After running SVM on the breast cancer subtype \( C \in BCS\), we calculate the receiver operating characteristic (ROC) curve and the area under the curve (AUC) to evaluate the efficiency of the biomarkers, \(Bio\_DEG^{C}\), in distinguishing the breast cancer subtype from the others. The caret44, plotROC45, MLmetrics46, and ggplot47 R packages are utilized to implement the SVM algorithm and to calculate and illustrate the ROC curves.
Results
In this section, we offer a step-by-step representation of the results obtained from executing the pipeline outlined in Fig. 1 for biomarker detection to distinguish breast cancer subtypes.
Dataset
Figure 2 illustrates the outcomes of the initial step in the Pre_CLM_BCS pipeline. During this phase, we extract gene expression of 30,480 genes, encompassing mRNA, miRNA, circRNA, and lncRNA. After the completion of the first and second data preprocessing stages within this step, we narrow down the initial gene pool to 14,056 genes. The figure also breaks down the retained genes by their respective types.
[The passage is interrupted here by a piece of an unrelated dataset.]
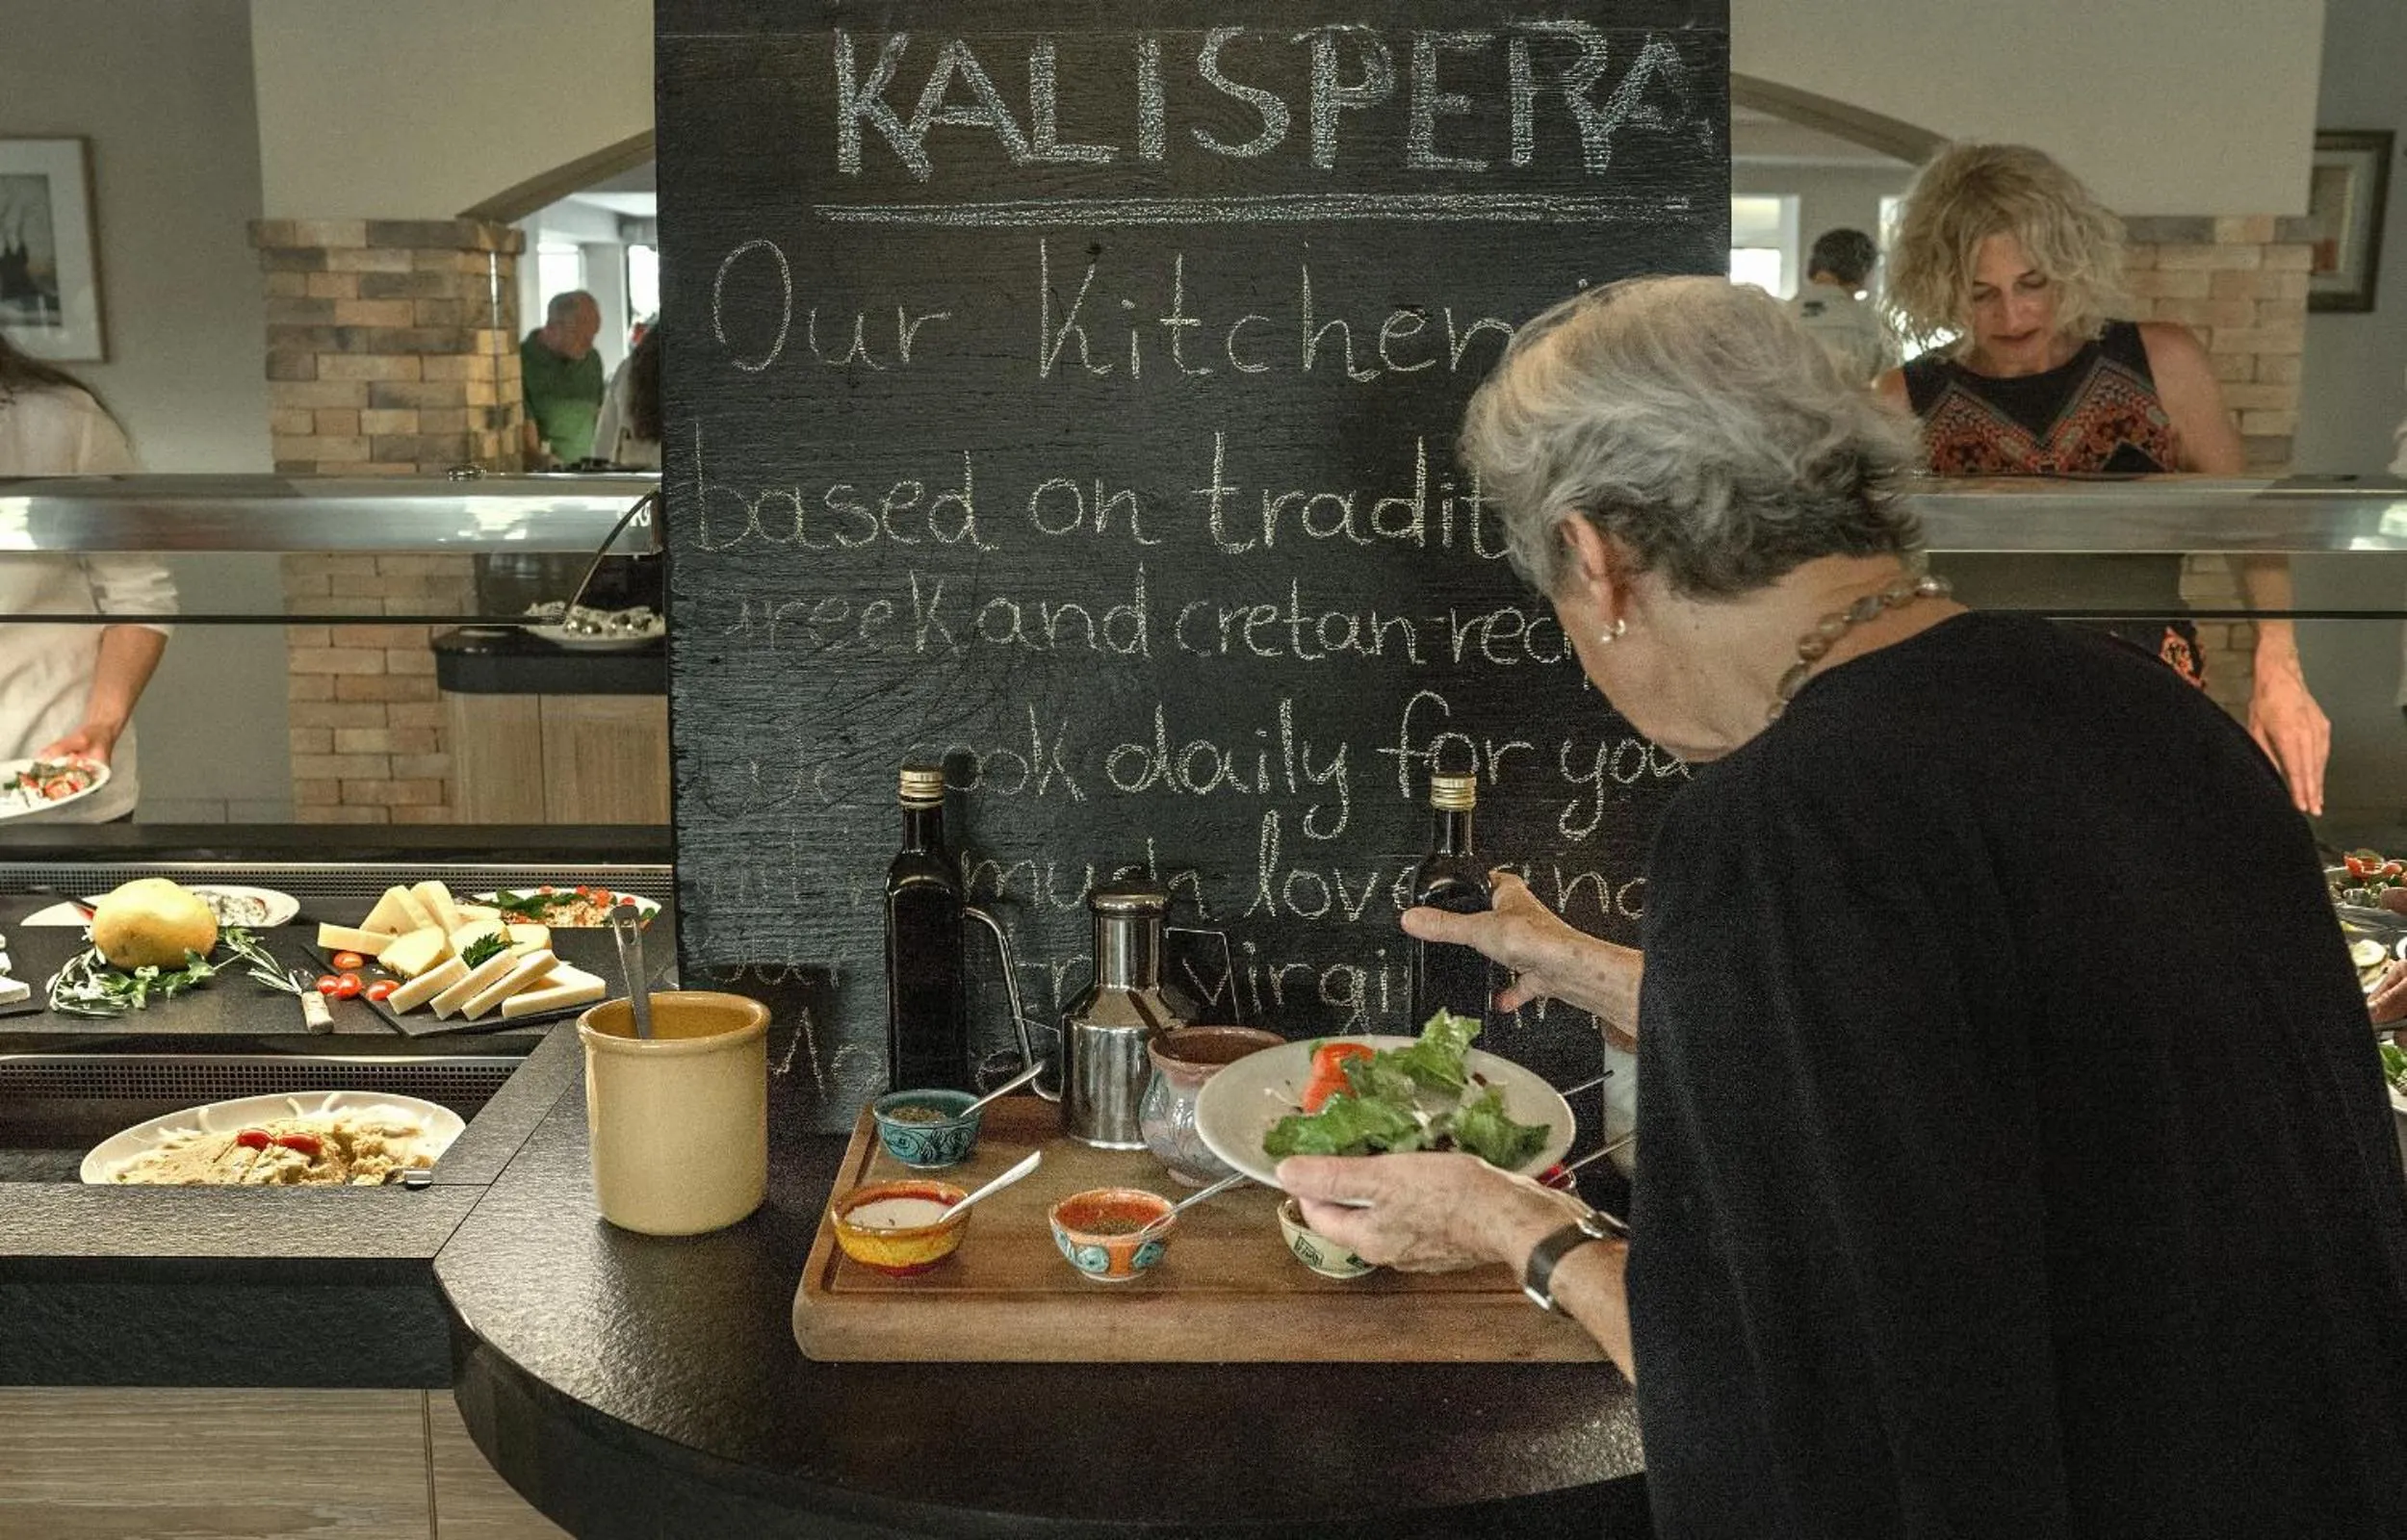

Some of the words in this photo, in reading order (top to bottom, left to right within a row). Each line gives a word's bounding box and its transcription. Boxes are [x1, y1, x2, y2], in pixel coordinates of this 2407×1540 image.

Furthermore, after the third data preprocessing step, we remove105 out of 193 samples for the basal-like subtype, 119 out of 219 for luminal B, 67 out of 143 for the normal-like, 329 out of 581 for luminal A and 40 out of 82 for HER2+ subtypes of breast cancer as outlier data. Finally, for each subtype \(C \in BCS\), we have a dataset as \(\Delta^{C}\) which includes gene expression data of 14,056 genes and \(n\) samples. The value of \(n\) varies depending on the cancer type. Specifically, for basal-like, luminal B, normal-like, luminal A, and HER2+ subtypes, we found 88, 100, 76, 252, and 42 samples, respectively. Supplementary Figure S1 exhibits dendrograms illustrating the hierarchical clustering of samples conducted for outlier detection.
Primary ceRNA networks
We define \(P^{C} = \left( {N^{C} ,E^{C} } \right)\) to represent each subtype \(C \in BCS\) as the primary ceRNA network using the dataset \(\Delta^{C}\). Table 1 shows the number of RNAs (\(|N^{C} |\)) and the number of edges among RNAs (\(\left| {E^{C} } \right|\)) for each subtype \(C \in BCS\). Figure 3 illustrates the presence of mRNAs, lncRNAs and circRNAs in the primary ceRNA of each breast cancer subtype.
Specific ceRNA networks
For each breast cancer subtype \(C \in BCS\), the specific ceRNA network named \(sCENT^{C} = \left( {N_{sCENT}^{C} ,E_{sCENT}^{C} } \right)\) is derived by removing the common ceRNA network (\(cCENT\)) from the primary ceRNA network \(P^{C}\). After removing the \(cCENT\) network from the primary ceRNA network, we lose 8, 11, 2, 3 and 13 RNAs from the corresponding specific ceRNA networks for basal-like, luminal B, normal-like, luminal A and HER2+, respectively. Figure 4 compares the number of edges in \(sCENT^{C}\) (\(|E_{sCENT}^{C}\)|) with the edges in the primary ceRNA network \(P^{C}\) for each breast cancer subtype \(C \in BCS\).
Module detection
We select a set of modules as \(LC - MODUL^{C}\) including at least one lncRNA or circRNA. Figures 5, 6, 7, 8, and 9 depict these modules for basal-like, luminal B, normal-like, luminal A, and HER2+ subtypes, respectively. Notably, it is observed that in specific modules, such as module A in the basal-like subtype, module B in the luminal A subtype, and module A in the normal-like subtype, multiple circRNAs interacting with a single mRNA gene. This finding indicates that, despite lower expression levels of circRNAs compared to other RNA molecules, circRNAs play crucial roles in regulating specific mechanisms in different breast cancer subtypes48.
Enrichment analysis
Enriched GO terms and pathways associated with the modules in \( LC - MODUL^{C}\), for each subtype of cancer \( C\) are analyzed to identify their involvement in specific pathways and processes. The significant processes enriched by these modules in each breast cancer subtype can be categorized into three major groups: cancer-related processes, immune-related processes, and oncogenic signaling pathways in cancer.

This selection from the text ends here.